---- RECORDED DATA

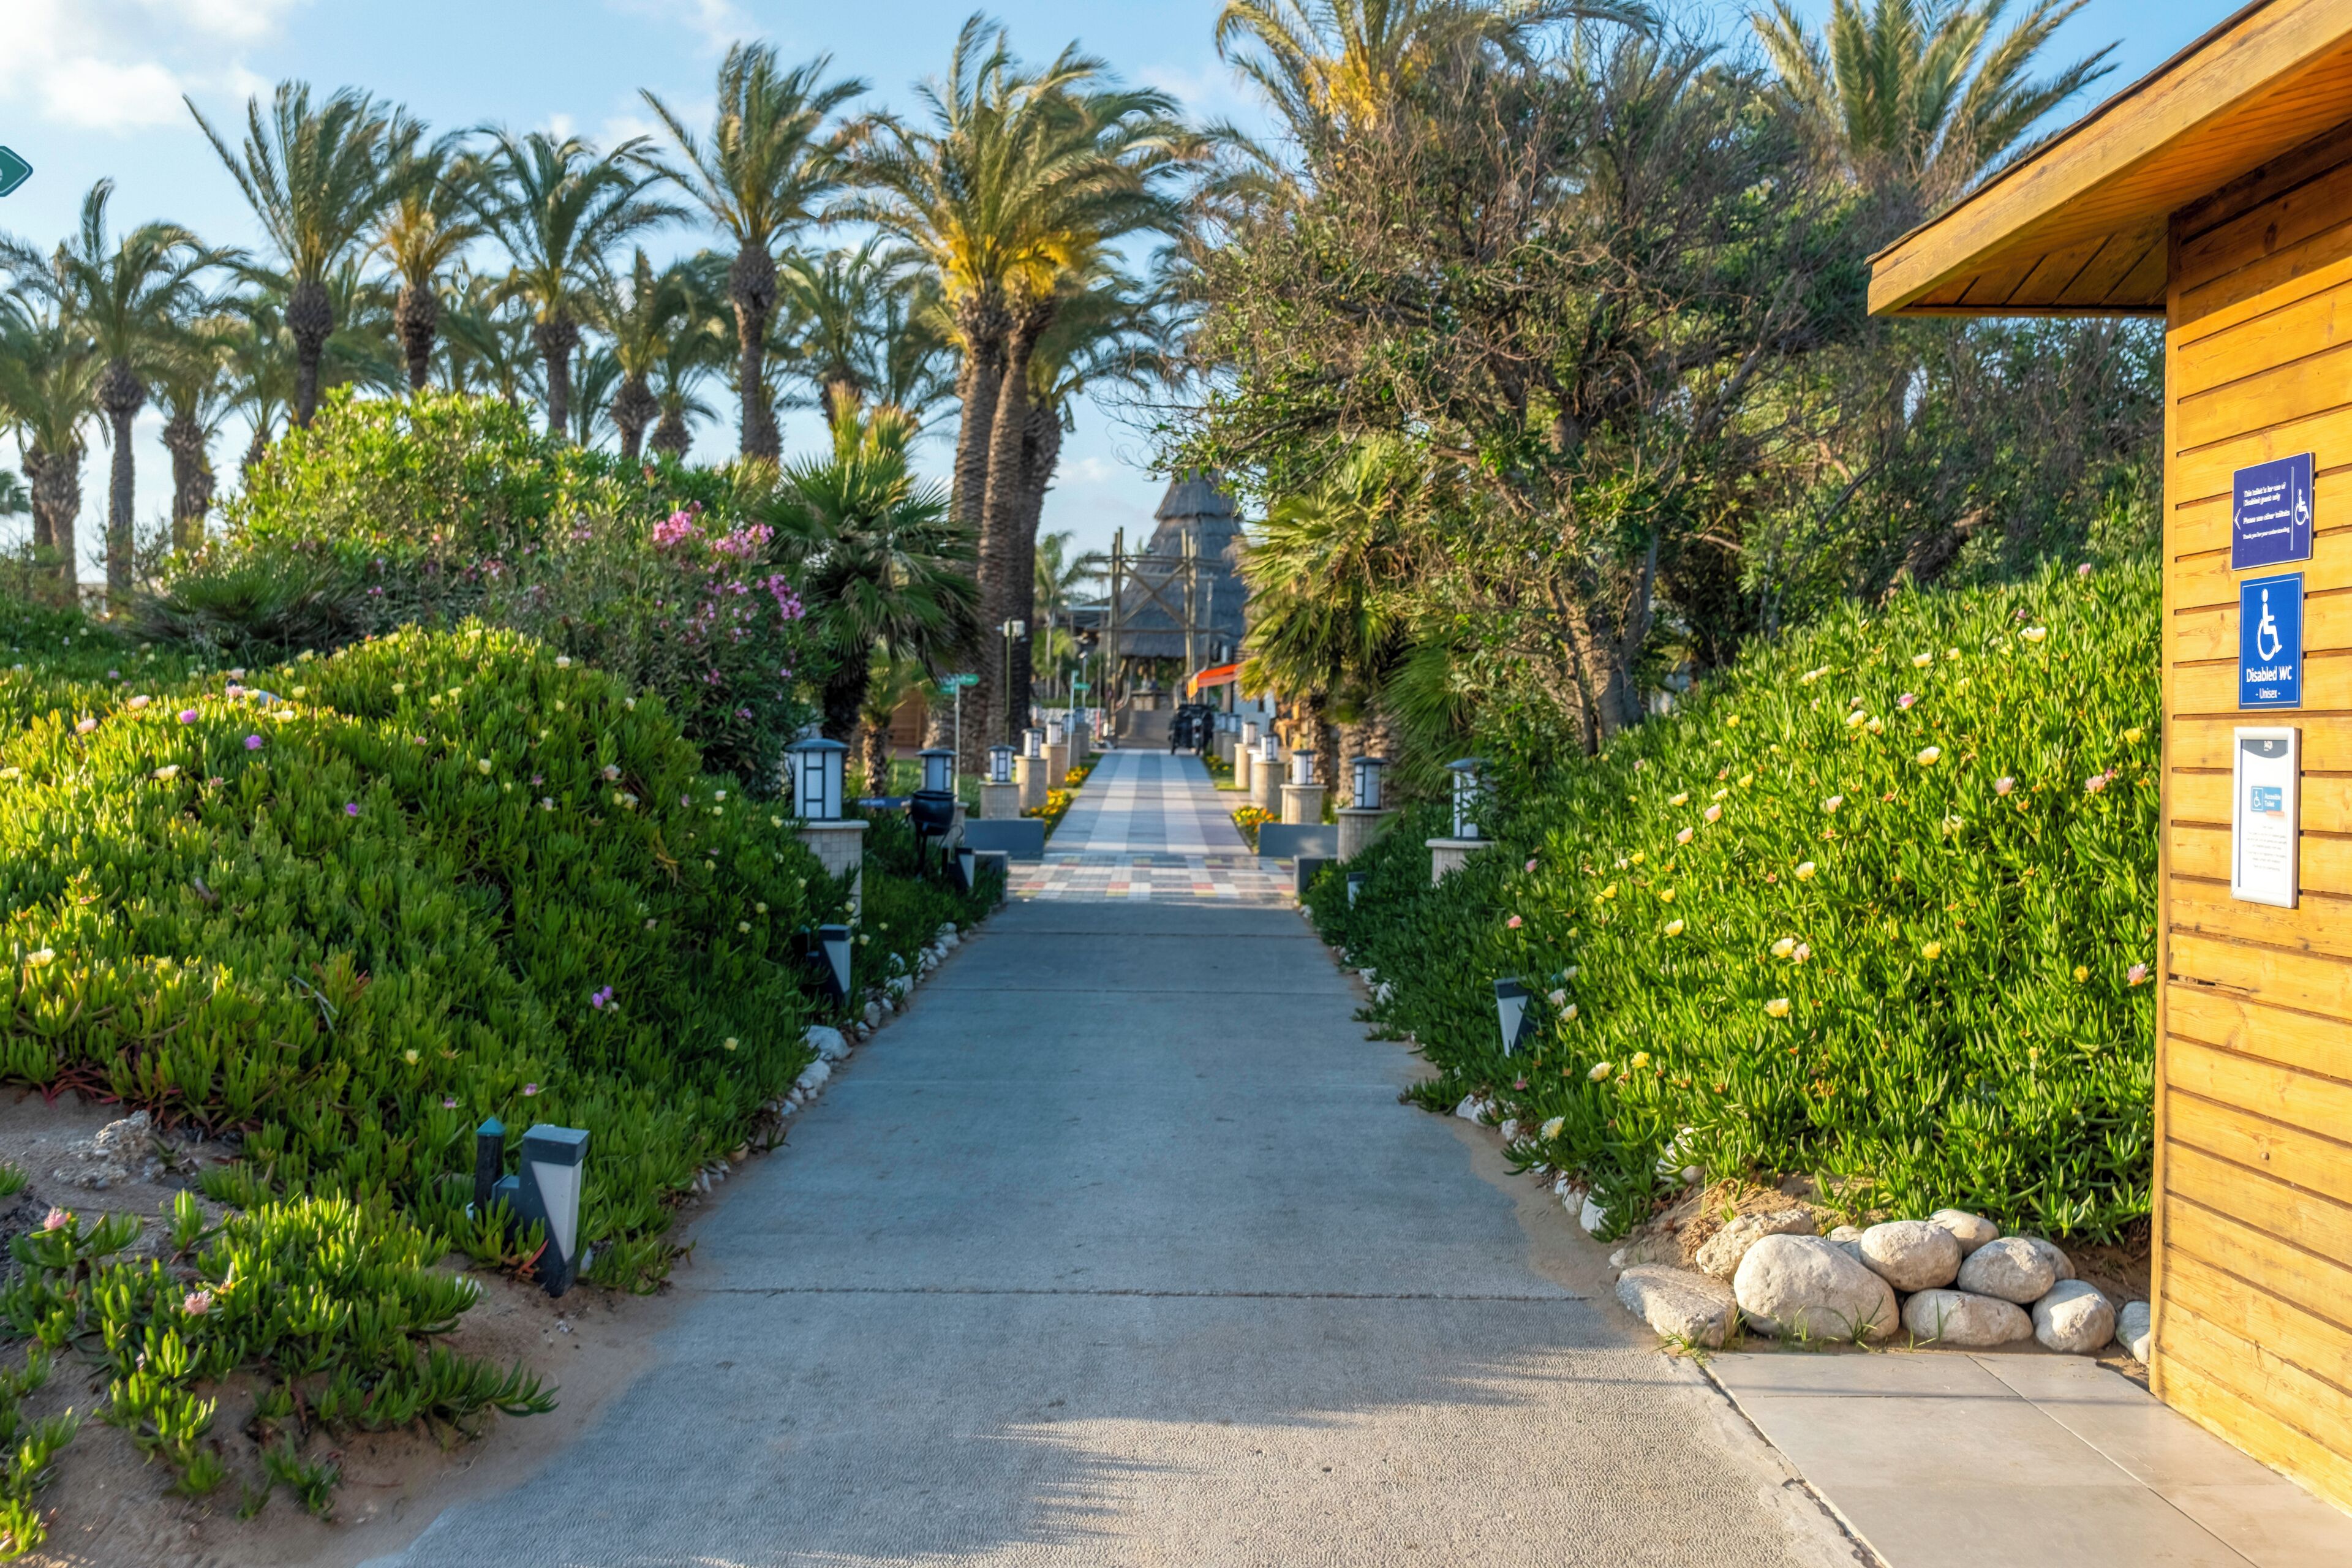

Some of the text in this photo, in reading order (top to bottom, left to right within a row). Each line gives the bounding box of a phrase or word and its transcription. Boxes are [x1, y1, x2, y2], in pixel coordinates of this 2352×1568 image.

[2272, 492, 2281, 502] only
[2246, 665, 2292, 682] Disabled WC
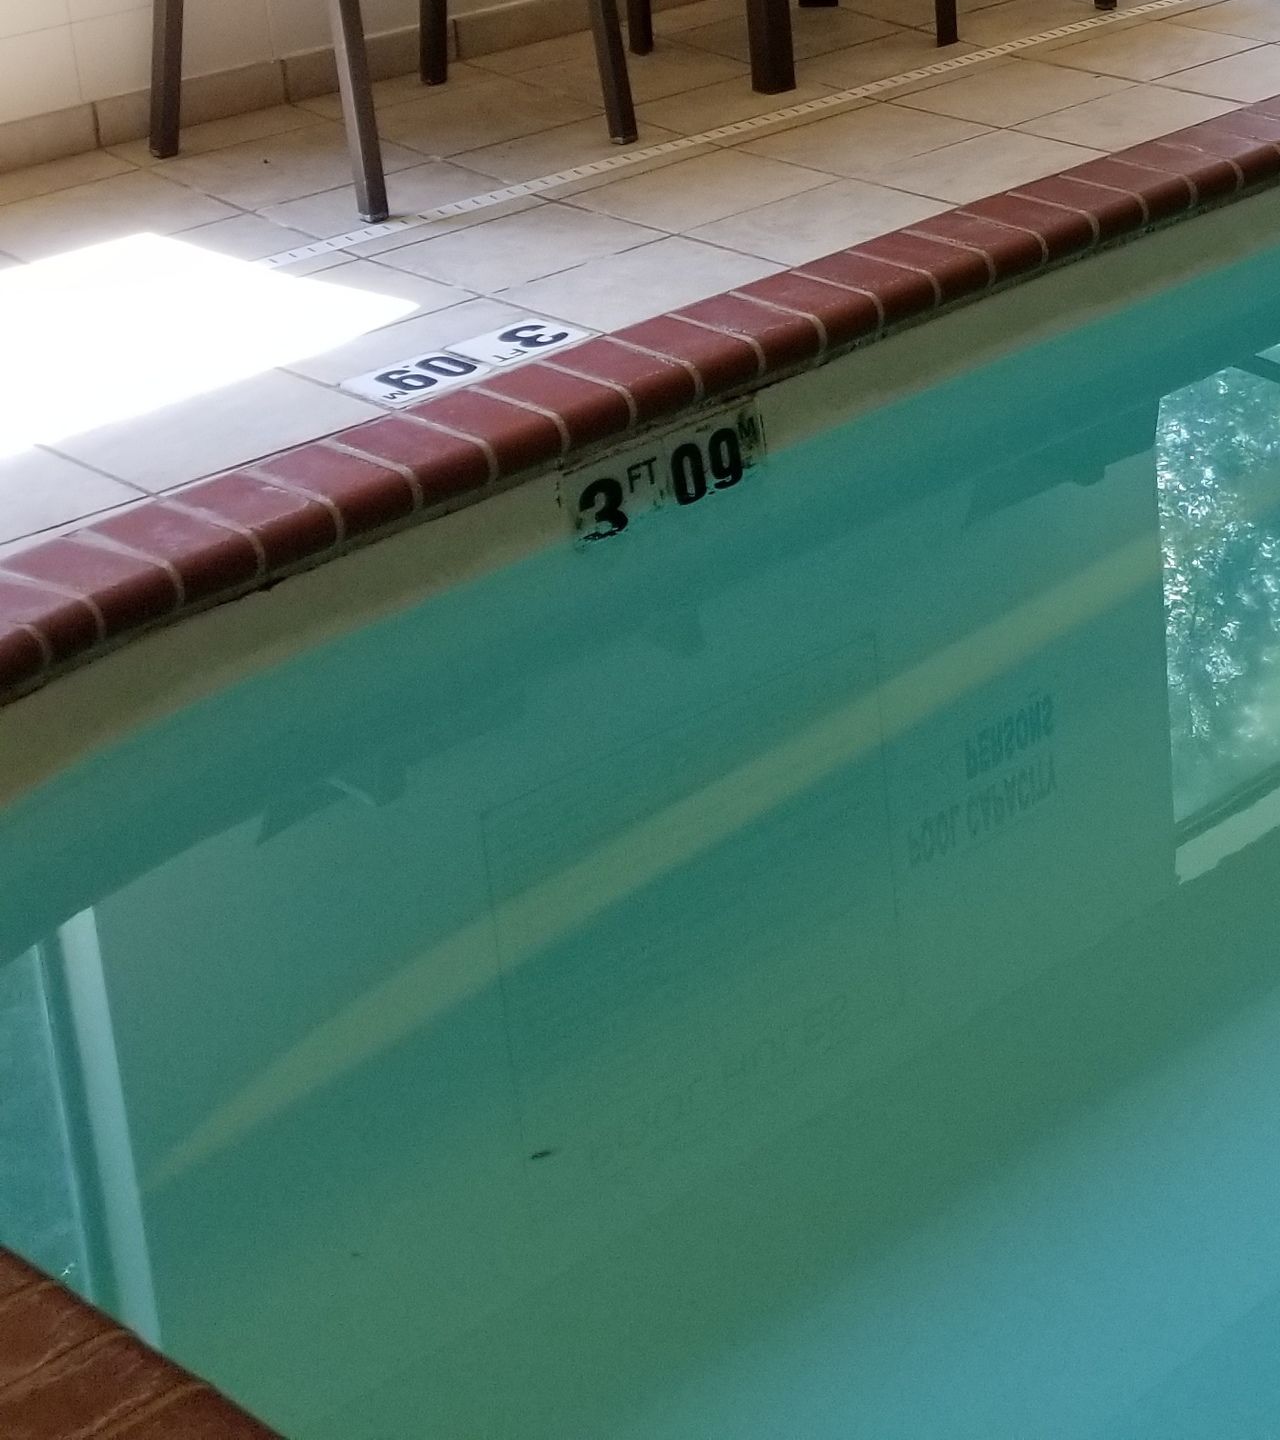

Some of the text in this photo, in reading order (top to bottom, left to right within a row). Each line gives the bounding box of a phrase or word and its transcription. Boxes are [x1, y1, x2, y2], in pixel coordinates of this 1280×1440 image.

[498, 324, 570, 348] 3
[579, 477, 629, 542] 3
[627, 455, 658, 494] FT

--------

* [TO DO]
Restate every entry above word for word; no picture belongs in the copy.

* [SOLUTION TO THIS PROBLEM]
Some of the text in this photo, in reading order (top to bottom, left to right within a row). Each line gives the bounding box of a phrase or word and its transcription. Boxes are [x1, y1, x2, y2], in pixel coordinates of this 2352×1568 image.

[2272, 492, 2281, 502] only
[2246, 665, 2292, 682] Disabled WC

Some of the text in this photo, in reading order (top to bottom, left to right within a row). Each line gives the bounding box of a phrase or word and its transcription. Boxes are [x1, y1, x2, y2], in pixel coordinates of this 1280×1440 image.

[498, 324, 570, 348] 3
[579, 477, 629, 542] 3
[627, 455, 658, 494] FT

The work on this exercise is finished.